Back then, Microsoft was still a small company and I had opportunities to interact not only with Steve but with Bill Gates as well on occasion. What I remember most is that they both had so much passion and aggression to succeed and they were both truly cutting edge. They were also ruthless in their ways, not only in driving Microsoft forward from a business perspective, but in driving what they knew at the time to be the right ways to build technology based on personal computers.

I once watched Ballmer give an hour long presentation where he began by announcing he was "so excited and energized by what we are announcing today that I'm going to deliver my entire presentation while running in place…" And he did!

Let's just say I've been following Microsoft intimately for a very long time.

Value CEOs are NOT Visionaries

Those exciting days disappeared a long time ago. Once Ballmer evolved into a "value company" CEO - where the primary directive became one of protecting the company's existing assets (which of course were all the cutting edge assets Gates and Ballmer used to drive when Microsoft was a growth company) - Microsoft's stock became fossilized, so to speak. It hasn't moved in over ten years, and it wasn't for lack of revenue and earnings growth. Ballmer did a fabulous job of building Microsoft's empire, but he did so with the established assets. But really, does he look happy?

He utterly failed to move the company forward into the new world of mobility and he was entirely lacking in both vision and passion for doing so. That guy who once did a press conference running in place was no longer the guy running Microsoft. He could run in place today but it would not exude passion and excitement - it would come across as nothing more than a gimmick. You can't fake vision and passion.

We need to note here that he lacked what Steve Jobs legitimately put on the table every day when he returned to Apple. It has been amazing to watch the different trajectories of the two since roughly 1999 - the one soared with vision and leadership while the other grew a huge empire of revenue and profit from old assets. The former became the CEO of the world's most expensive company; the latter kept Microsoft in the money but kept the stock at $27 per share the entire time.

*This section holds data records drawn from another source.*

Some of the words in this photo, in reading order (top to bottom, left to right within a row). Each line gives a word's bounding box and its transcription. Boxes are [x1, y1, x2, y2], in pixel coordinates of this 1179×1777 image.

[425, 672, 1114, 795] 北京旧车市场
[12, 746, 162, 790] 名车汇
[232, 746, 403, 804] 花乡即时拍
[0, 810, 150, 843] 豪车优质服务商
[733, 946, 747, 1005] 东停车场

We hardly believe we need to rehash everything Ballmer has done wrong over the last 12 years. Nor can we really deliver advice on where Microsoft needs to go. Sure, we can offer the same bromides for future success and growth that every other pundit on the planet will offer…but it isn't necessary. It has all already been said. Here are just some of our previous articles that underscore all of this and note as well the comings and goings of various internal Microsoft players:

This select collection of articles provides plenty of detail on all the things that have gone wrong with Microsoft. Every one of them comes around to noting that the buck stops with the CEO. There is no other way to underscore Ballmer's lack of 21st century success.

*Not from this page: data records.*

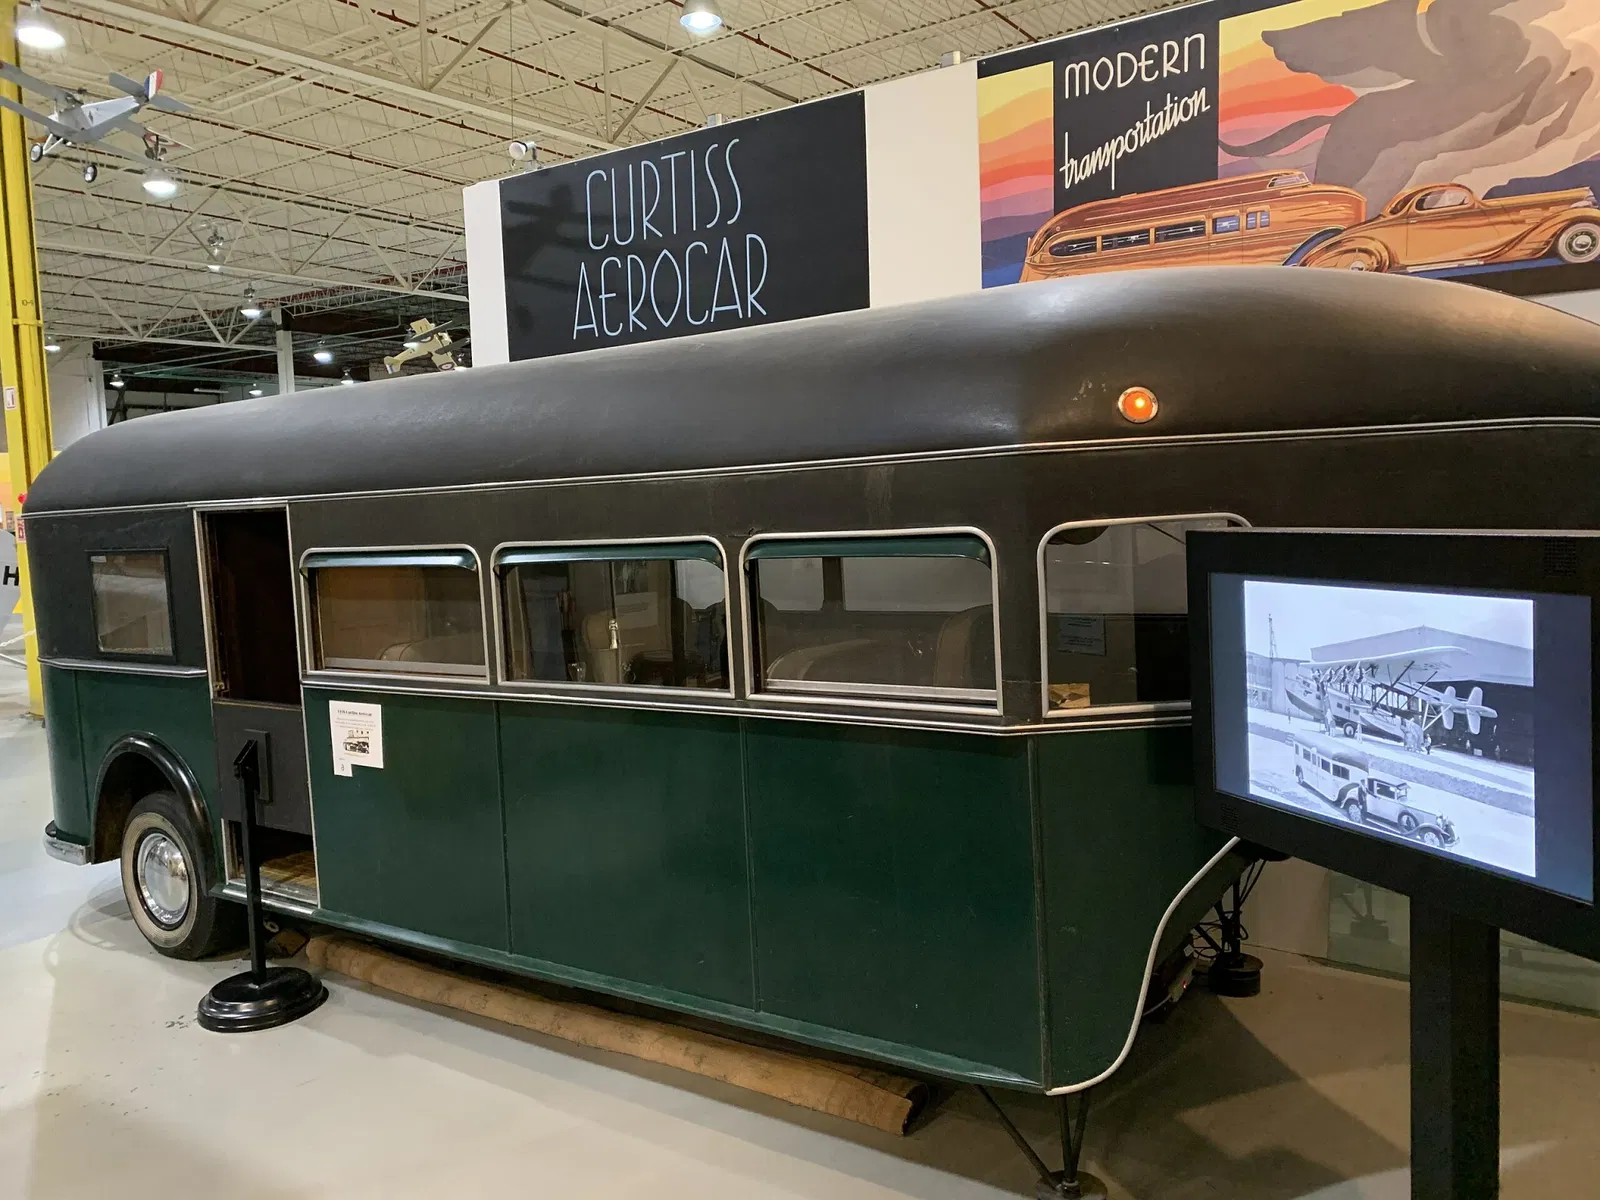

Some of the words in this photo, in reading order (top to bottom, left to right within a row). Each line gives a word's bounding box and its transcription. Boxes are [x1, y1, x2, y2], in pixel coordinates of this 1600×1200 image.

[1065, 33, 1205, 99] MODERN
[1059, 87, 1211, 191] transportation
[586, 138, 742, 250] CURTISS
[572, 233, 768, 340] AEROCAR
[3, 565, 20, 586] H

Of course we will again point out that success is relative. As a revenue and profit-driven value company, Microsoft has done extraordinarily well! From that perspective Ballmer has been a superstar CEO. The problem now is that the old assets are aging and they are no longer really worth protecting.

The company has to move successfully in new directions, and we are absolutely sure that even Bill Gates intimately understands this and that Steve isn't the one who will take them there. We can sort of picture Bill sitting Steve down and finally having to have "the talk" with him.

A Brief History of Tomorrow's Microsoft

OK, so our take on "A Brief History of Time" is a real stretch with that subhead, but let's look ahead by keeping yesterday also in hand.

Our initial guess is that the Microsoft board is going to try and find itself another Marissa Mayer. Can anyone blame them if they take this approach? No. Mayer, who in our humble opinion is going to fail spectacularly in 18 to 24 months when the smoke and mirrors give way to the need to show true and enormous revenue and profit growth, has nevertheless hugely re-energized the public's perception of Yahoo.

Let's leave aside what a lot of Yahoo employees often have to say (we can sum it up as follows: All pretty on the outside, all ugly on the inside). The truth of the matter is that Yahoo has, from a public perspective, turned things around. The fact that they managed to regain the number one website on the planet ranking over the last month underscores this. People aren't going to Yahoo again simply because it has improved its services.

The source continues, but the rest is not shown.